She opened one of his neatly labeled drawers and found the circuit chip she wanted. She also checked to make sure there was still at least one more t-chip in the drawer—one of the conditions for her free use of her father’s tools and supplies was that she help keep track of inventory and tell him when it was time to reorder items—then turned back to the chassis of the device she was building.

“And that thinking led you to a conclusion which explains all this?” her father asked, raising an eyebrow and waving his coffee cup at the contraptions taking shape on the workbench.

“Well,” Stephanie paused and turned around to face him fully, “in a way. It all seemed pretty silly right at first, of course. I mean, celery?” She rolled her eyes, and Richard snorted a laugh. Celery wasn’t very high on Stephanie’s list of edible foods. She’d eat it under parental duress (and if there was nothing better around) but that was about it. “Besides, according to all the reports, only a head or two at a time was taking missing, and who’d go to all that bother to steal that teeny an amount, right?”

“I can see where those thoughts might have occurred to you,” he conceded.

It had been almost a full T-year since a mounting number of settlers had reported vanishing crops, but in the beginning, most people had been inclined to think it was some kind of hoax, especially since the only plant that was ever stolen was celery. And since, as Stephanie said, so few heads of celery were going missing each time the “thieves” struck.

“The first thing I thought when Mom told me about it was that some zork-brain was probably stealing the stuff and hiding it somewhere—or just getting rid of it, for that matter—as some kind of joke,” Stephanie continued. “It wouldn’t be any dumber than some of the other stuff I’ve seen kids in Twin Forks pull. In fact, it’d be less dumb than a lot of it!”

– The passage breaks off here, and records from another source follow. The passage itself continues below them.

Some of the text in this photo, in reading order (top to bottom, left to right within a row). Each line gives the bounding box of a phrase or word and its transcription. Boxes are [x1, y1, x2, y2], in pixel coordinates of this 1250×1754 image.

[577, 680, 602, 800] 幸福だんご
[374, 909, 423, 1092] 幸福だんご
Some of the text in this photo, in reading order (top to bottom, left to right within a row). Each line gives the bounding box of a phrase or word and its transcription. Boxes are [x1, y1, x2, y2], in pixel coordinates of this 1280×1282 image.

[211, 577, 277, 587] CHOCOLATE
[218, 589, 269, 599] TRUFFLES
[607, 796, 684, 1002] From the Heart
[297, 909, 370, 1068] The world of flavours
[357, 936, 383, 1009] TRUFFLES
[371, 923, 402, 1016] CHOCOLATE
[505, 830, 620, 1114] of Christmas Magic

“You know,” her father said after a moment, “not all the kids in Twin Forks are idiots, Steph.”

“I didn’t say they were,” Stephanie replied. There might have been just a hint of insincerity in her response. “They sure act that way sometimes, though, don’t they?”

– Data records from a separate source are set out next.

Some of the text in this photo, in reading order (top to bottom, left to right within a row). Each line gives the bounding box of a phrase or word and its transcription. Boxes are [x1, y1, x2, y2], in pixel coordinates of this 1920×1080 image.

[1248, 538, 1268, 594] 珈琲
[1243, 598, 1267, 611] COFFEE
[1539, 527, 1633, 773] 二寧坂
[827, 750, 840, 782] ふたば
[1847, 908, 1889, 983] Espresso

“Not all of them,” he said. “Still, I’ll grant you that some of them do. Like that young hoodlum Chang.”

“Stan Chang?” Stephanie cocked her head, surprised at the noted genuine anger in her father’s tone. It was unusual for her mild-mannered parent, and so was the curtness of his nod. “What did he do this time?” she asked a bit cautiously.

“He says he only meant it as a ‘joke,’ and that’s his father’s view of it, too,” her father said. “It wasn’t very funny for Ms. Steinman’s Rottweiler, though. He set up a booby trap that was ‘only’ supposed to dump a five liter bucket of cold water on whoever walked into it. I guess we’re all lucky it was Brutus and not another kid.”

“How bad was it?” This time Stephanie’s tone was resigned, not cautious.

“Let’s just say he’s not a very good carpenter, and the entire contraption collapsed when Brutus walked into it.” Her father shook his head, his expression more resigned and sad than angry this time. “The whole thing came down on him. It crushed his entire right foreleg and he was trapped for over forty-five minutes before we could get him out. I spent better than two hours putting it back together again, and I’m not sure he’s ever going to recover fully.”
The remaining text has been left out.